It's one am, I'm sleepy as shit, I'm supposed to be up by eight tomorrow but I'm also horny and have this shit running through my head. Enjoy my ✨rat-lettes✨
It's also his first time. Took place at your apartment after he came over one night after work. He was tired, mentally and physically and all he needed to end his week was his solace.
He came in through a window you had left open, didn't even bother alerting you that he was coming over
You're peacefully sat in your blankets giggling at your phone when all of a sudden you hear movement in your house. You immediately get up oversized shirt draping over your important parts.
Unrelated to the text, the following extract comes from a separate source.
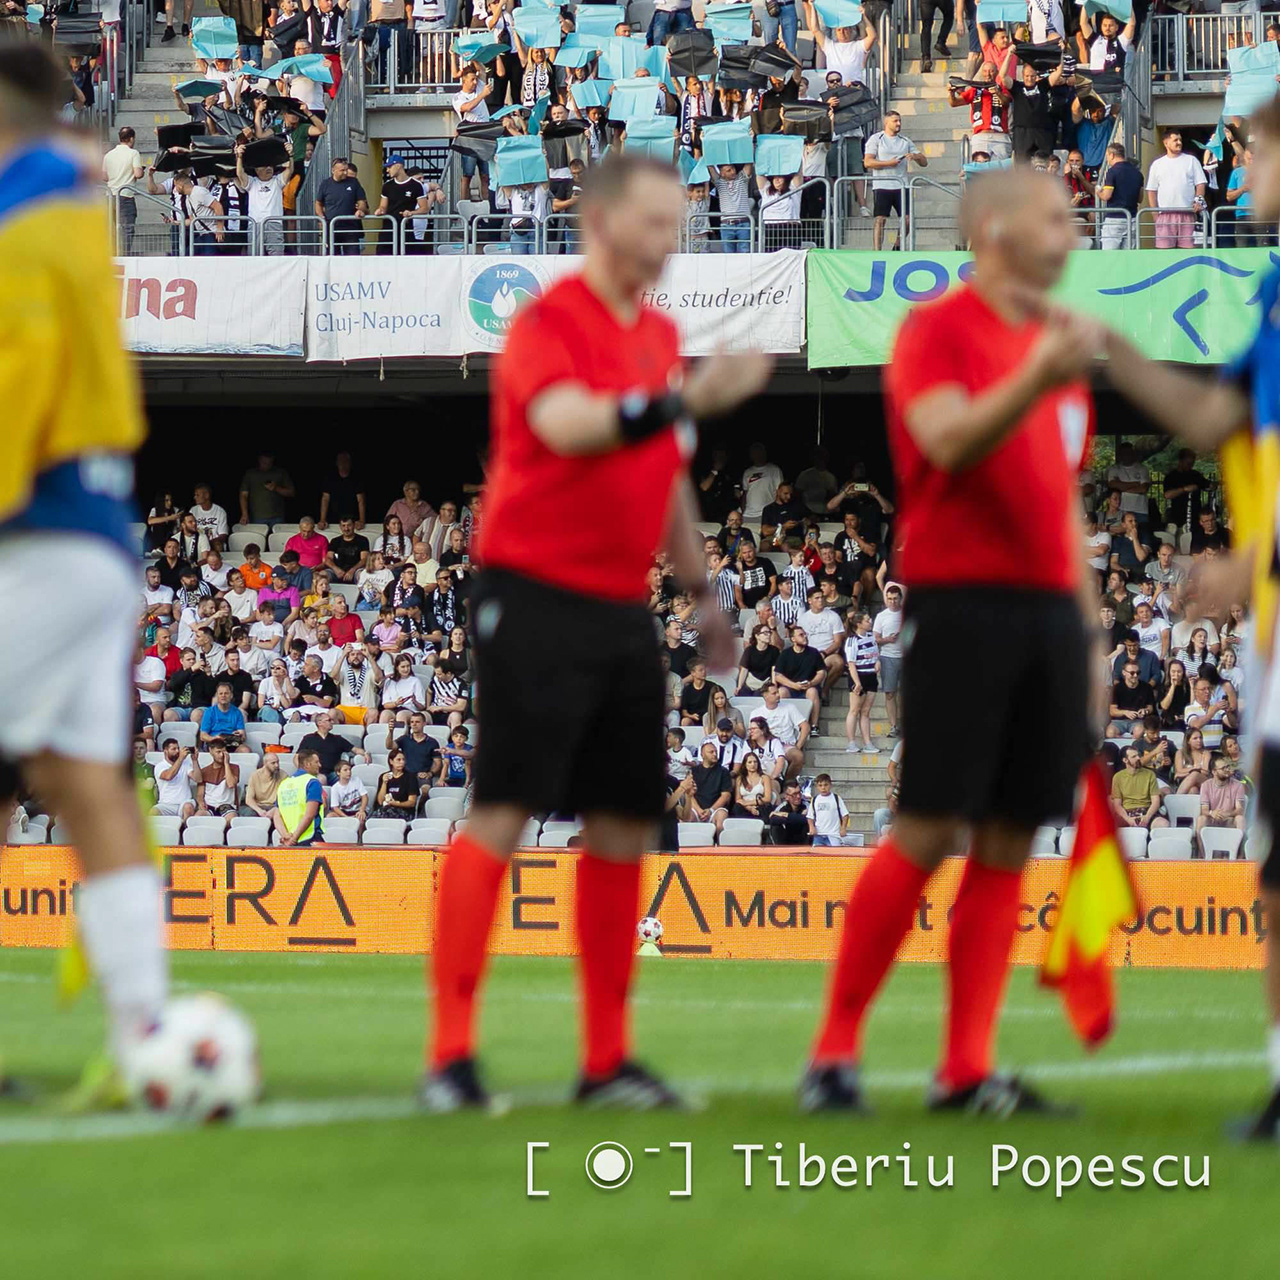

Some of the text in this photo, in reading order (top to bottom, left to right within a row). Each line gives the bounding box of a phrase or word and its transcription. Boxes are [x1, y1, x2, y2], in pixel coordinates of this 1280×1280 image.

You gingerly walk through the corridor of your house with scissors in your hands. You feel your bonnet swiftly being snatched off your head from behind you. You let out a blood curdling scream, fall to your knees and plead mercy for your life.
The all too familiar voice of your boyfriend graces your ears, causing you to snap your head back and pause your sniffles. You lock eyes with his red irises, the uninterested look he gave you while wearing your bonnet caused pure anger to bubble within you.
Without saying a word to him you left and went back to your room to tuck yourself inside your blankets. Realising that he may have over done it, Katsuki tailed along while spewing chains of sorrys and tips on how it's important to close your windows late at night.
You refused to budge. You were understandably upset. He opted to situate himself beside you in your blankets. The next five minutes were him trying to negotiate forgiveness. With no avail, he chose to negotiate with buying you your favourite snacks first thing tomorrow morning before you woke up.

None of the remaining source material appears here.